Lukas looks like he's been sleeping. His hair is tousled and there's stubble on his jaw, but other than that, he looks ... all right. He looks good, even. He doesn't look wasted. He doesn't look like he's wasting away. He looks strong, irritated at the disruption, annoyed. His shoulders fill up the doorframe, and he leans against the left side.

There's half a joint between his teeth. He strikes the match against the wallpaper and lights up.

"You're Alpha." He puffs a plume of grey-blue smoke to the right, and then those glacial eyes lock onto Mrena's. "Congratulations. Now leave me the fuck alone."

[Mrena Armstrong] Her knocking was ceaseless. Mrena pounded on the door, waited until she was almost sick of doing so, until her patience started to wear thin, until she was all but willing to enter the room by whatever means necessary.

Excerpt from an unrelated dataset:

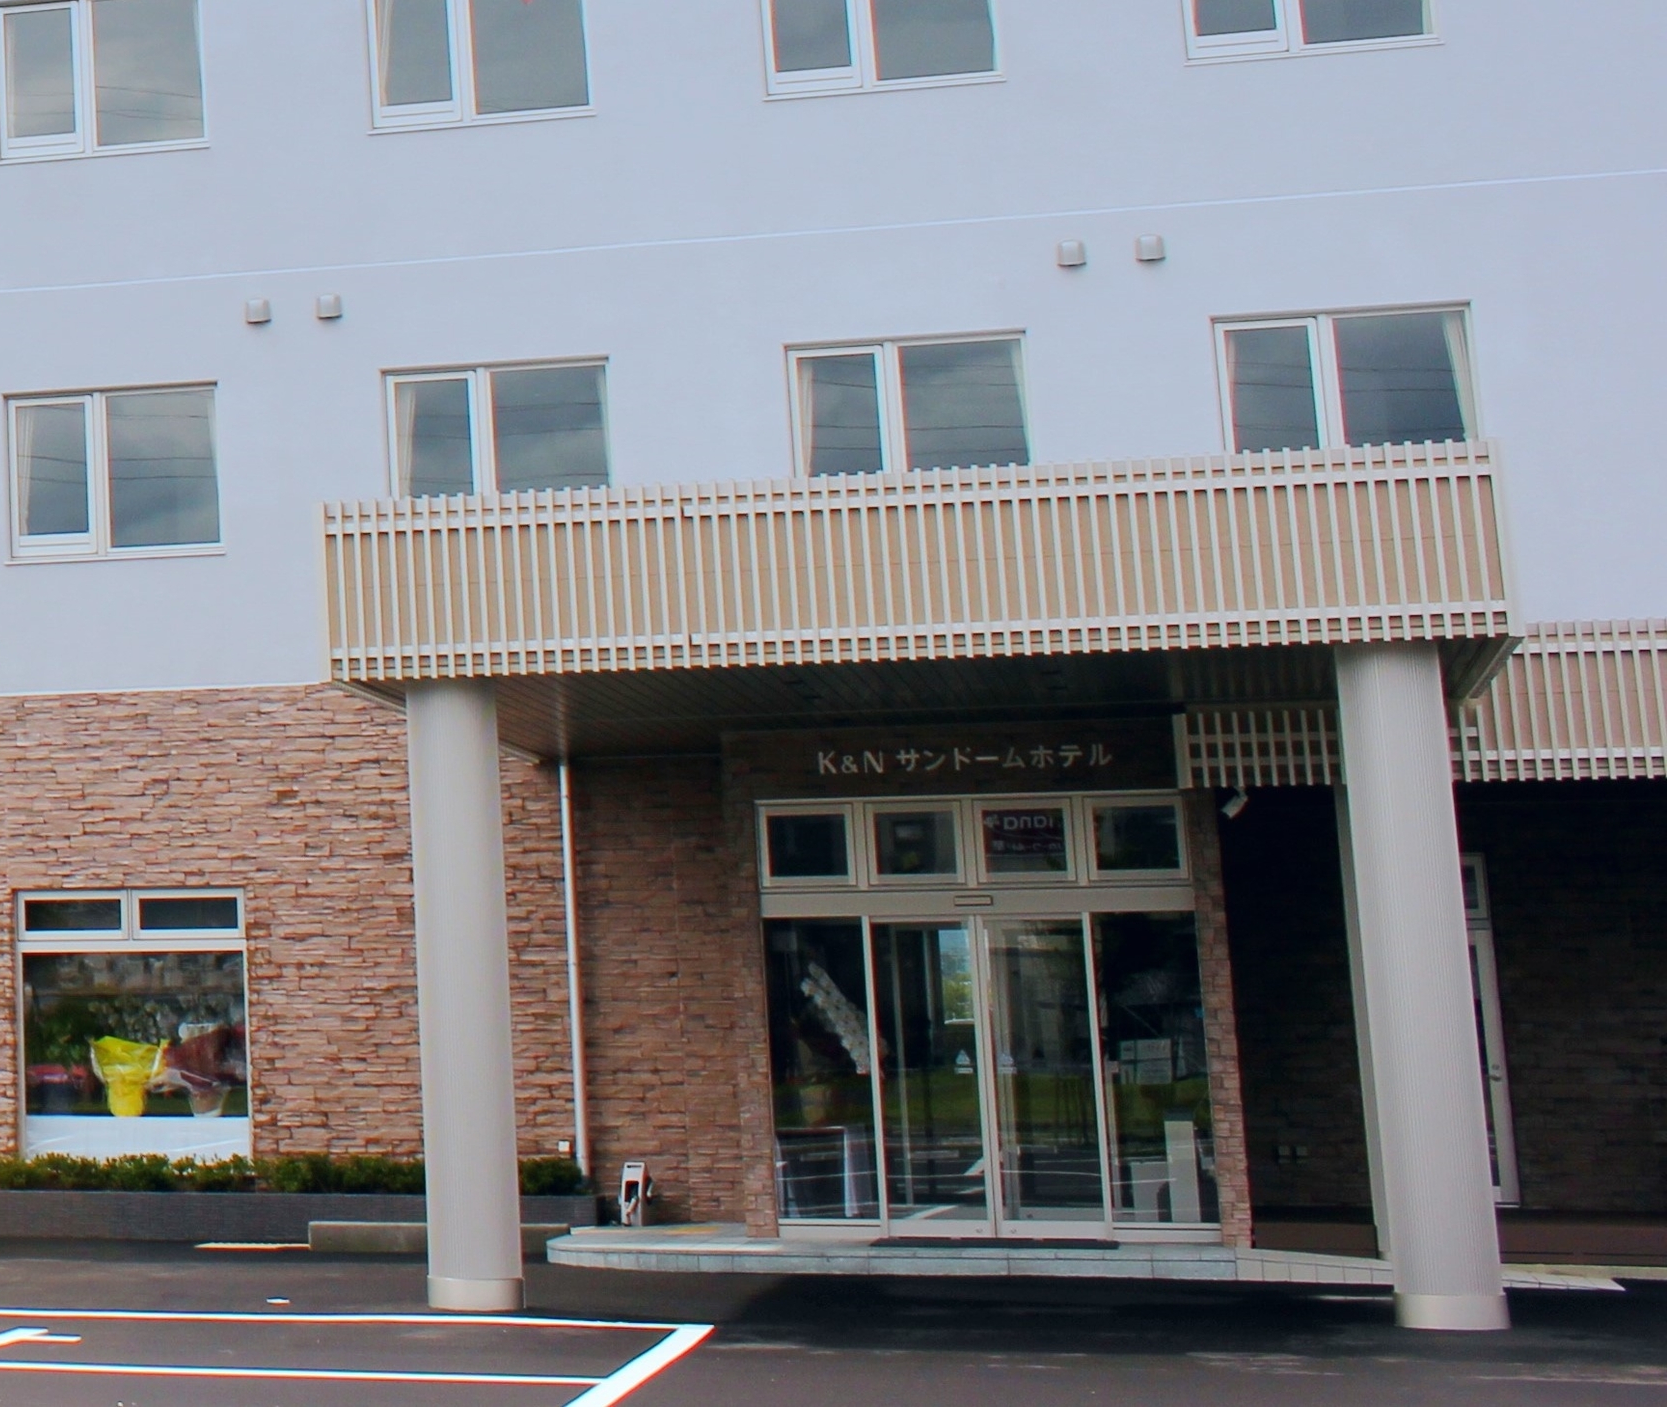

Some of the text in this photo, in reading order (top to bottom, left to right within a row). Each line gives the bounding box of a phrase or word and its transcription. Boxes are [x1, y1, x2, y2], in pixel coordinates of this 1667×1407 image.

Hearing a thump from the other side of the room made it perfectly fine. It was, at the very least, something of an indication that Lukas was alive and functioning, or functioning well enough-

[The door opened, all but snatched open and his eyes were too intense and less-than-pleased to be looking at anyone. Much less her. Mrena didn't know why; admittedly, she might not care if she did know why]-

Functioning well enough to be strong, annoyed, and irritated. The moon was full, his prensece was oppressive. He damned near took up the entire doorway, and made her acutely aware that she was barely over five feet tall. Made her aware that she weighed half as much as he did.

He said she was alpha. Congrads. Now leave him the fuck alone. She didn't flinch, she didn't even seem to register what he said because, at that moment... well, who cared what she was thinking.
Now leave me the fuck alone.
"How long do you plan on doing this?"

Funny. She didn't even know what this was.

[Lukas Wyrmbreaker] " 'This'?" He barks a laugh, unpleasant. "Until I'm finished."

Lukas doesn't smoke. He never smokes. But now he drags down another hit like a pro, rolling to the side to put his back to the wall. He gives her his profile now: the high-bridged nose, the powerful musculature of his torso. One day, if he lives that long, Lukas will be husky and huge, a Lord of the peaks and the crags, the furs of his enemies draped over his shoulders, a lightning storm in his eyes.

For now, there's still a savage leanness in him -- his skin is taut over his muscle with almost no spare; almost no intervening layer of body fat. Where his oblique cut into the crests of his hips, the bones ride close enough to the surface to be visible. The veins running over the crests of his biceps, down the stretch of his lower belly on either side of his abs are visible in the morning light. He hasn't bothered to close the drapes in the room.

The muscles of his arm and shoulder, his upper chest bunch when he brings the joint back to his mouth. Another hit.

"Why the fuck not, huh? Everyone else takes vacations without warning. At least I'm still on this side of the mirror."

[Mrena Armstrong] "Because this isn't like you," she said.

Oh, tact. Glorious, wonderful tact. SOmething she had learned over time, something she was still trying to master, and something that, sometimes, she had very little of. He would have none of it. And there, she stood- readable and curious.

He would be quite the specimen, someday. He would be terrifying, he would be awe-inspiring. Until then, he was who he was. And he was as much a twenty-something year old male as he was anything else. It was easy to forget that they were practically teenagers. It was easy to forget that, despite all things, there was cognitive and moral developments that were to be had.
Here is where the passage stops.